◆ Exercise details: Images do not belong in the copy. Set down all the entries exactly.

◆ Input for this task:
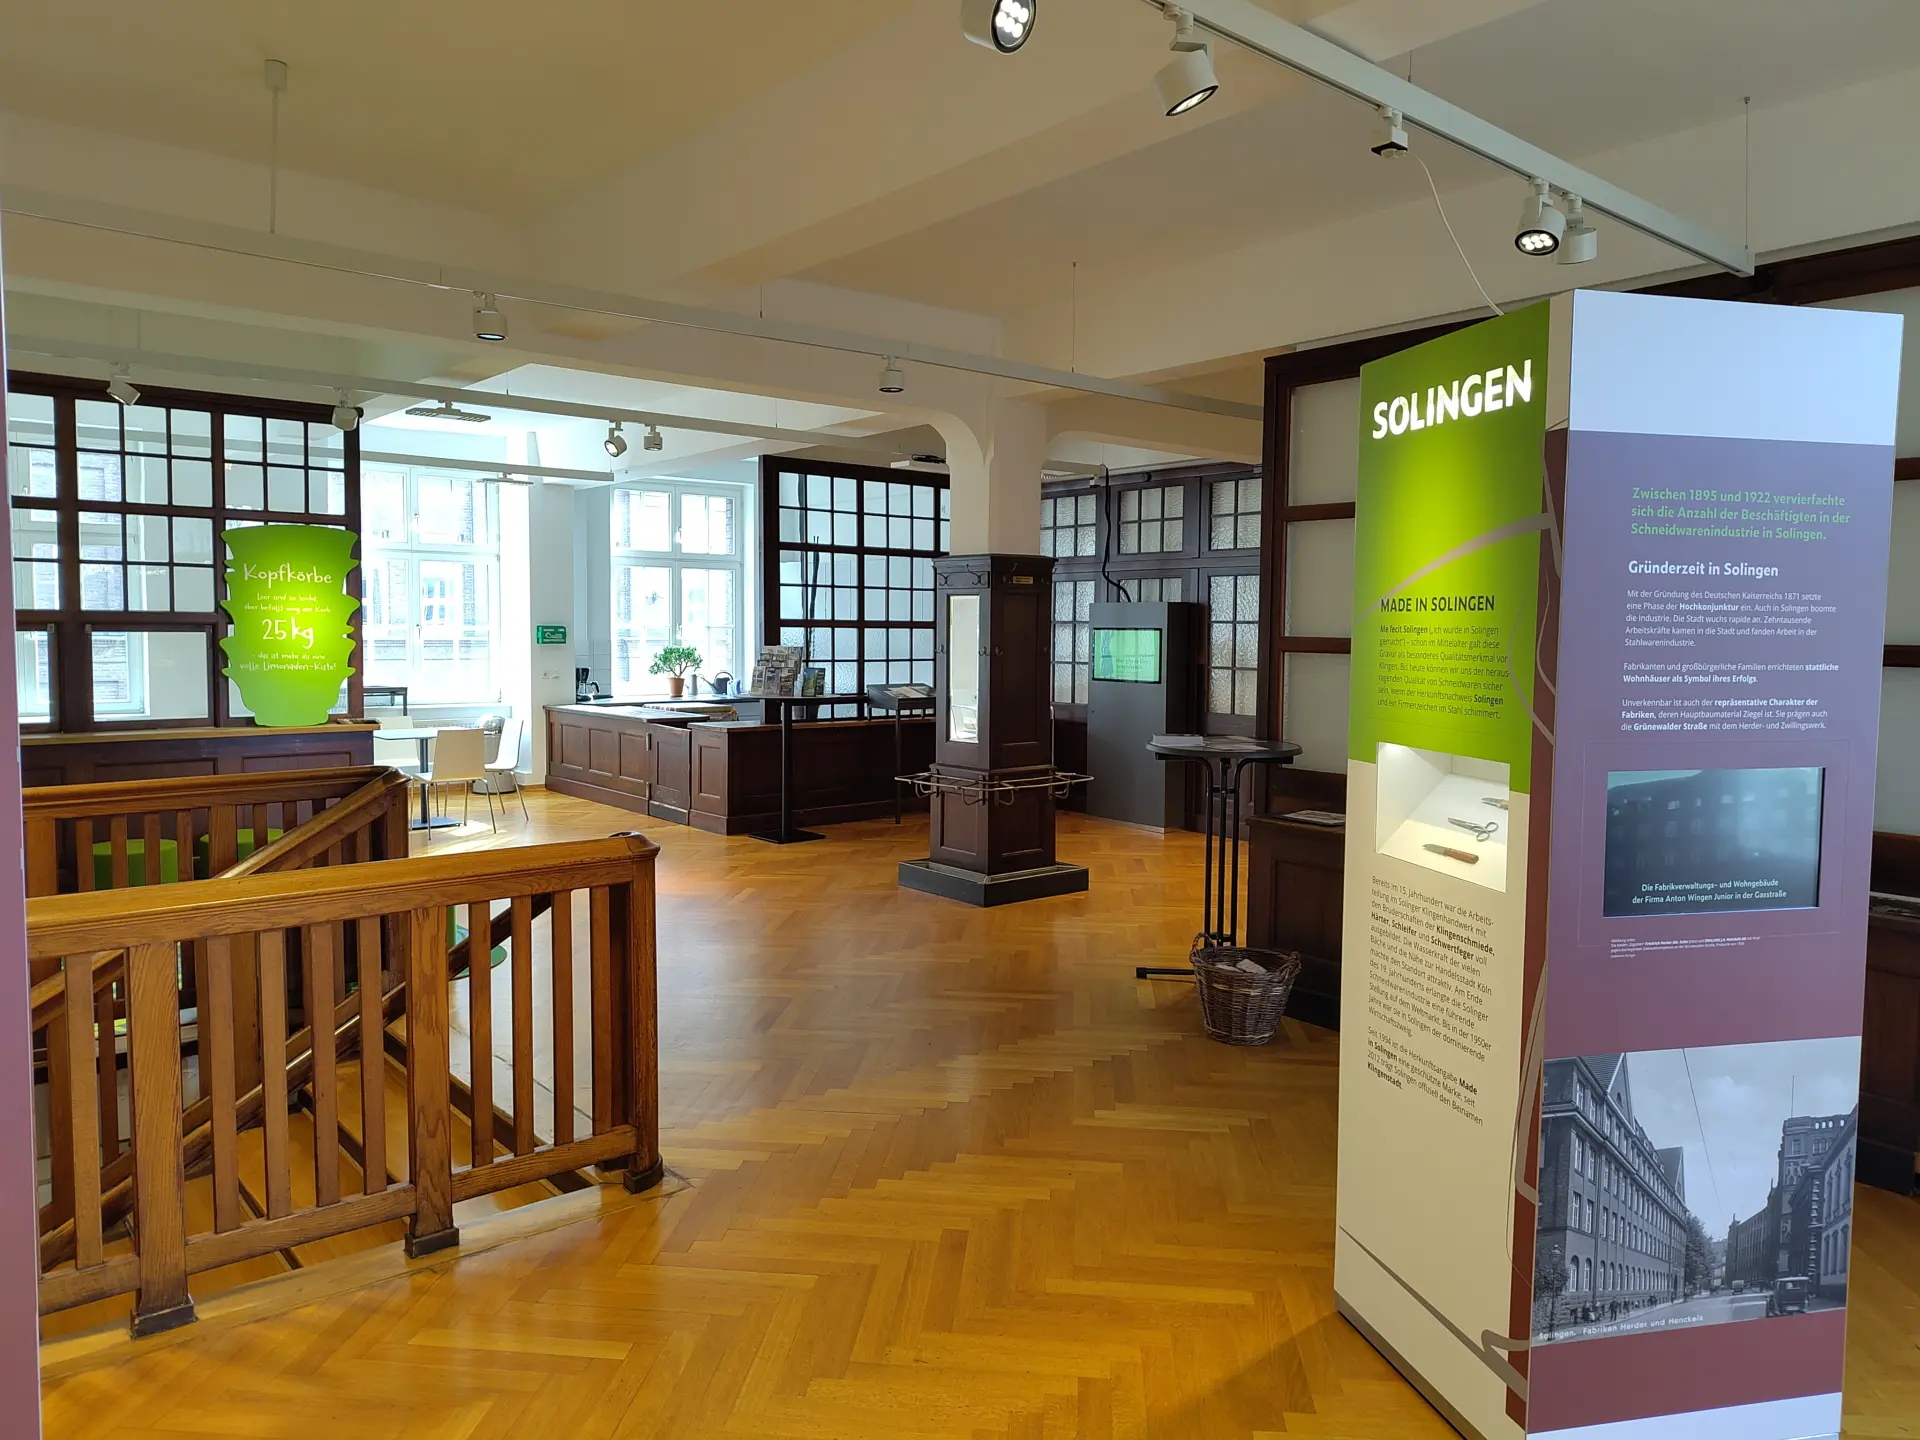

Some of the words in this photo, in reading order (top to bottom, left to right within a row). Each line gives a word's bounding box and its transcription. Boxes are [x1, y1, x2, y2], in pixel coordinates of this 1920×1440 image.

[1373, 359, 1532, 439] SOLINGEN
[1632, 487, 1686, 500] Zwischen
[1689, 489, 1717, 501] 1895
[1720, 491, 1741, 502] und
[1744, 491, 1771, 503] 1922
[1774, 493, 1845, 505] vervierfachte
[1631, 505, 1654, 517] sich
[1657, 506, 1674, 517] die
[1678, 507, 1717, 519] Anzahl
[1720, 508, 1738, 519] der
[1741, 509, 1816, 525] Beschäftigten
[1820, 511, 1829, 522] in
[1832, 512, 1850, 523] der
[1630, 523, 1760, 537] Schneidwarenindustrie
[1763, 527, 1772, 538] in
[1775, 527, 1826, 542] Solingen.
[244, 562, 332, 588] Kopfkörbe
[1628, 560, 1705, 575] Gründerzeit
[1708, 562, 1720, 575] in
[1724, 562, 1779, 579] Solingen
[1381, 598, 1412, 612] MADE
[1416, 598, 1427, 611] IN
[1431, 595, 1494, 611] SOLINGEN
[1654, 590, 1689, 600] Gründung
[1679, 602, 1739, 612] Hochkonjunktur
[1780, 604, 1809, 614] Solingen
[1729, 616, 1750, 625] rapide
[262, 619, 287, 640] 25
[292, 616, 314, 649] kg
[1403, 626, 1428, 635] Solingen
[1471, 627, 1498, 637] Solingen
[1625, 638, 1696, 646] Stahlwarenindustrie.
[1682, 663, 1737, 672] großbürgerliche
[1684, 675, 1711, 684] Symbol
[1732, 675, 1758, 685] Erfolgs.
[1714, 699, 1768, 708] repräsentative
[1680, 711, 1742, 720] Hauptbaumaterial
[1743, 711, 1763, 719] Ziegel
[1786, 710, 1810, 719] prägen
[1781, 722, 1826, 731] Zwillingswerk.
[1655, 882, 1718, 891] Fabrikverwaltungs-
[1734, 879, 1778, 888] Wohngebäude
[1372, 876, 1390, 889] Bereits
[1391, 882, 1398, 892] im
[1409, 888, 1443, 908] Jahrhundert
[1444, 903, 1456, 913] war
[1457, 906, 1467, 917] die
[1468, 910, 1494, 926] Arbeits-
[1688, 893, 1712, 902] Wingen
[1714, 892, 1733, 901] Junior
[1755, 890, 1786, 898] Gasstraße
[1372, 889, 1389, 904] teilung
[1391, 895, 1397, 904] im
[1398, 898, 1420, 913] Solinger
[1422, 906, 1474, 933] Klingenhandwerk
[1476, 928, 1486, 938] mit
[1372, 900, 1381, 910] den
[1425, 920, 1435, 932] der
[1437, 924, 1495, 957] Klingenschmiede,
[1371, 911, 1390, 928] Härter,
[1392, 920, 1416, 937] Schleifer
[1418, 932, 1430, 942] und
[1431, 935, 1474, 960] Schwertfeger
[1476, 955, 1488, 966] voll
[1583, 1325, 1617, 1335] Fabriken
[1620, 1321, 1647, 1330] Herder
[1668, 1315, 1703, 1325] Henckels

◆ Written solution:
Some of the words in this photo, in reading order (top to bottom, left to right within a row). Each line gives a word's bounding box and its transcription. Boxes are [x1, y1, x2, y2], in pixel coordinates of this 1920×1440 image.

[1373, 359, 1532, 439] SOLINGEN
[1632, 487, 1686, 500] Zwischen
[1689, 489, 1717, 501] 1895
[1720, 491, 1741, 502] und
[1744, 491, 1771, 503] 1922
[1774, 493, 1845, 505] vervierfachte
[1631, 505, 1654, 517] sich
[1657, 506, 1674, 517] die
[1678, 507, 1717, 519] Anzahl
[1720, 508, 1738, 519] der
[1741, 509, 1816, 525] Beschäftigten
[1820, 511, 1829, 522] in
[1832, 512, 1850, 523] der
[1630, 523, 1760, 537] Schneidwarenindustrie
[1763, 527, 1772, 538] in
[1775, 527, 1826, 542] Solingen.
[244, 562, 332, 588] Kopfkörbe
[1628, 560, 1705, 575] Gründerzeit
[1708, 562, 1720, 575] in
[1724, 562, 1779, 579] Solingen
[1381, 598, 1412, 612] MADE
[1416, 598, 1427, 611] IN
[1431, 595, 1494, 611] SOLINGEN
[1654, 590, 1689, 600] Gründung
[1679, 602, 1739, 612] Hochkonjunktur
[1780, 604, 1809, 614] Solingen
[1729, 616, 1750, 625] rapide
[262, 619, 287, 640] 25
[292, 616, 314, 649] kg
[1403, 626, 1428, 635] Solingen
[1471, 627, 1498, 637] Solingen
[1625, 638, 1696, 646] Stahlwarenindustrie.
[1682, 663, 1737, 672] großbürgerliche
[1684, 675, 1711, 684] Symbol
[1732, 675, 1758, 685] Erfolgs.
[1714, 699, 1768, 708] repräsentative
[1680, 711, 1742, 720] Hauptbaumaterial
[1743, 711, 1763, 719] Ziegel
[1786, 710, 1810, 719] prägen
[1781, 722, 1826, 731] Zwillingswerk.
[1655, 882, 1718, 891] Fabrikverwaltungs-
[1734, 879, 1778, 888] Wohngebäude
[1372, 876, 1390, 889] Bereits
[1391, 882, 1398, 892] im
[1409, 888, 1443, 908] Jahrhundert
[1444, 903, 1456, 913] war
[1457, 906, 1467, 917] die
[1468, 910, 1494, 926] Arbeits-
[1688, 893, 1712, 902] Wingen
[1714, 892, 1733, 901] Junior
[1755, 890, 1786, 898] Gasstraße
[1372, 889, 1389, 904] teilung
[1391, 895, 1397, 904] im
[1398, 898, 1420, 913] Solinger
[1422, 906, 1474, 933] Klingenhandwerk
[1476, 928, 1486, 938] mit
[1372, 900, 1381, 910] den
[1425, 920, 1435, 932] der
[1437, 924, 1495, 957] Klingenschmiede,
[1371, 911, 1390, 928] Härter,
[1392, 920, 1416, 937] Schleifer
[1418, 932, 1430, 942] und
[1431, 935, 1474, 960] Schwertfeger
[1476, 955, 1488, 966] voll
[1583, 1325, 1617, 1335] Fabriken
[1620, 1321, 1647, 1330] Herder
[1668, 1315, 1703, 1325] Henckels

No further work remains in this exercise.